▶ Task objective
Without including any picture, repeat the records below exactly.

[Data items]
▬▬▬▬▬▬

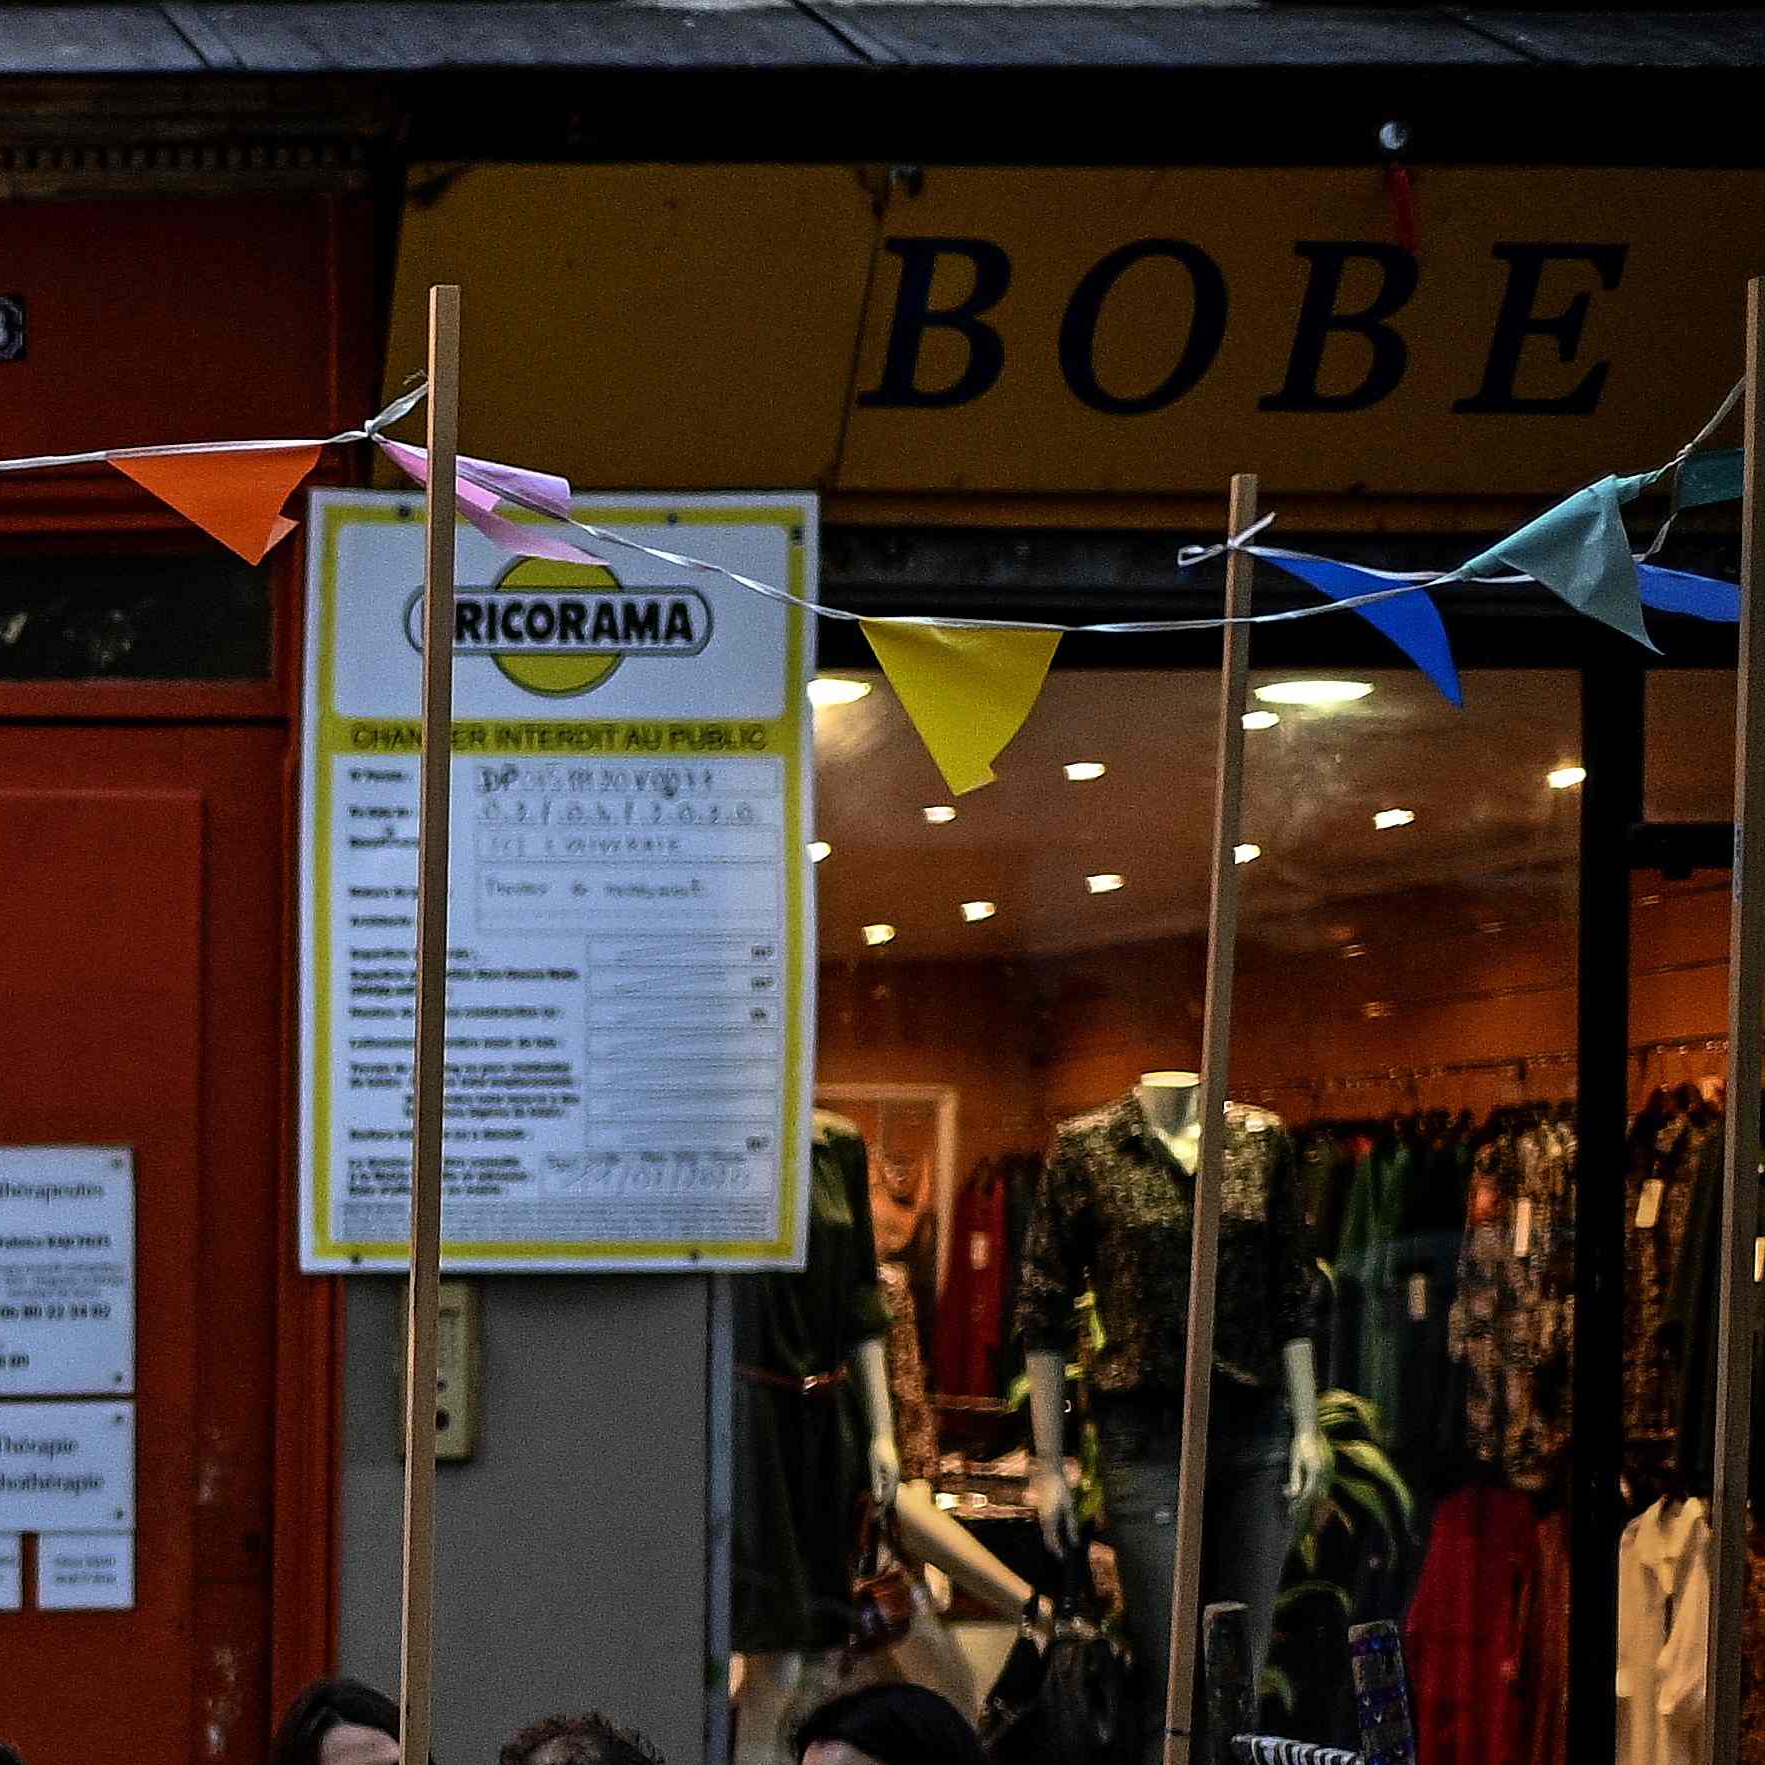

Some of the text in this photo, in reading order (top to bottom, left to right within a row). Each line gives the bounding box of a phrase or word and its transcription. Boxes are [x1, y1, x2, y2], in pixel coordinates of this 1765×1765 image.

[857, 236, 1631, 416] BOBE
[452, 602, 692, 642] RICORAMA
[352, 724, 768, 752] CHANER INTERDIT AU PUBLIC
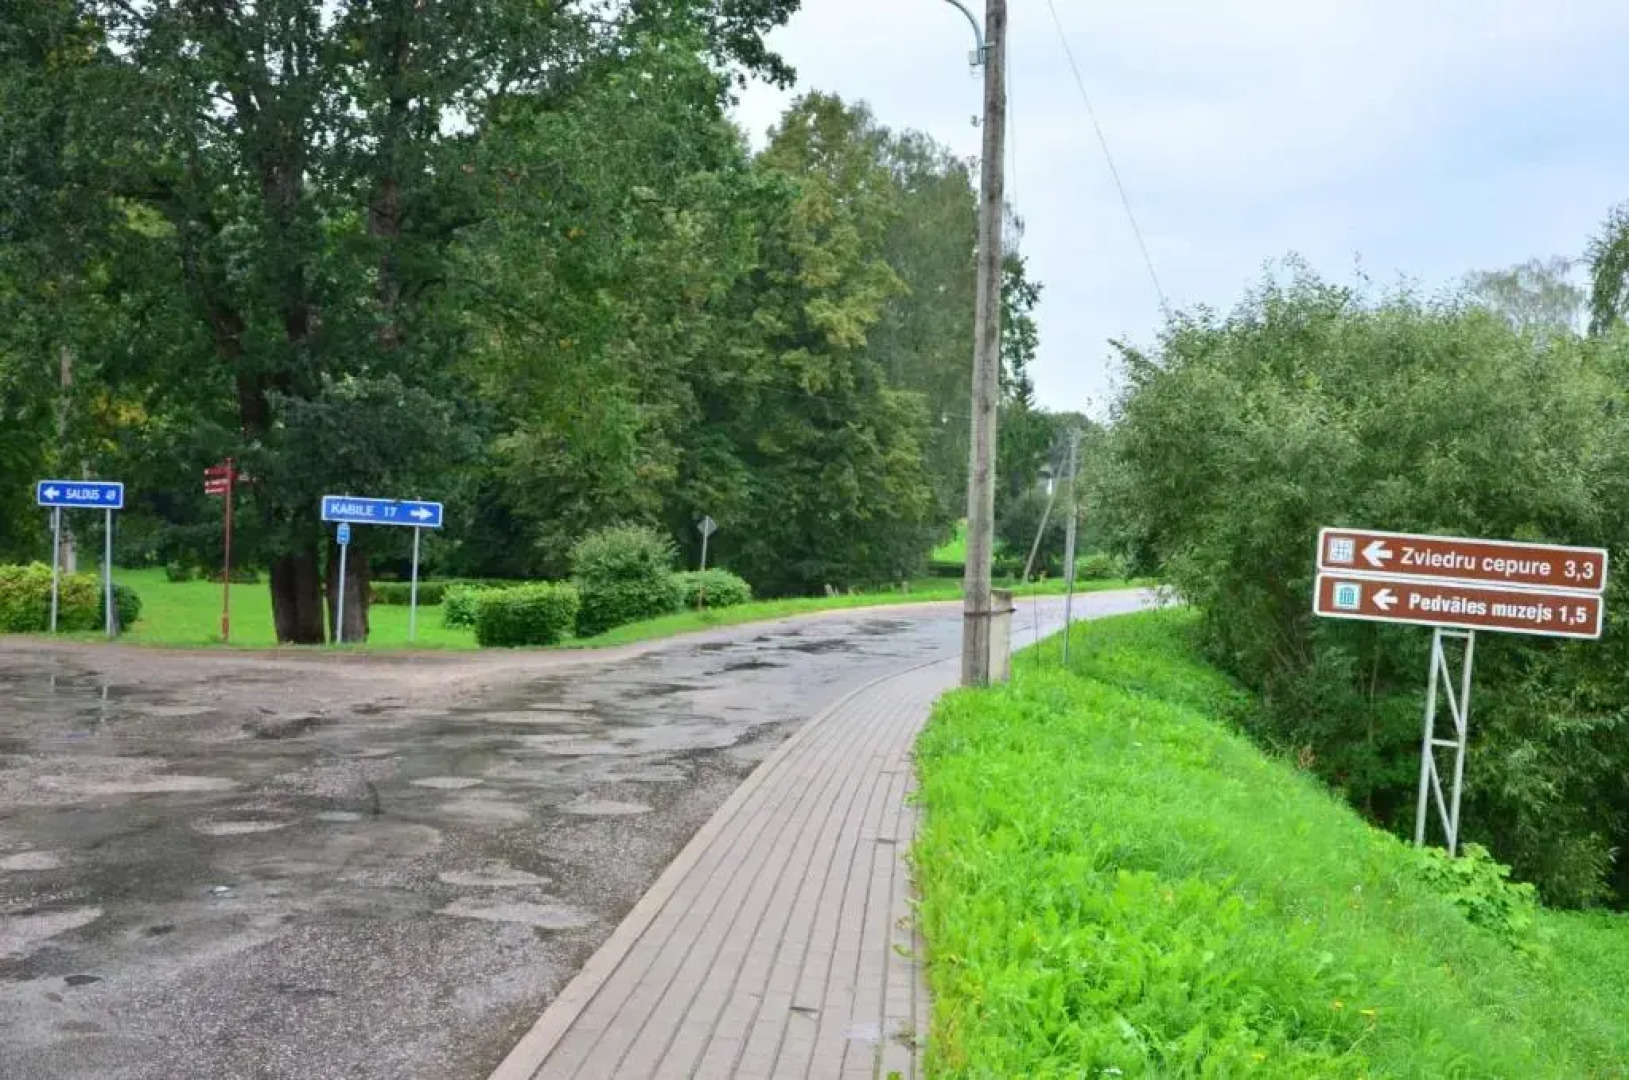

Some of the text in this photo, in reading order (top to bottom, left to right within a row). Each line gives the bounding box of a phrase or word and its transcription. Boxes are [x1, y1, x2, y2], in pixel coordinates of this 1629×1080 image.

▬▬▬▬▬▬

▶ Worked solution
Some of the text in this photo, in reading order (top to bottom, left to right within a row). Each line gives the bounding box of a phrase or word and its transcription. Boxes are [x1, y1, x2, y2], in pixel coordinates of this 1765×1765 image.

[857, 236, 1631, 416] BOBE
[452, 602, 692, 642] RICORAMA
[352, 724, 768, 752] CHANER INTERDIT AU PUBLIC

Some of the text in this photo, in reading order (top to bottom, left to right within a row). Each line gives the bounding box of a phrase or word and its transcription. Boxes are [x1, y1, x2, y2], in pixel coordinates of this 1629×1080 image.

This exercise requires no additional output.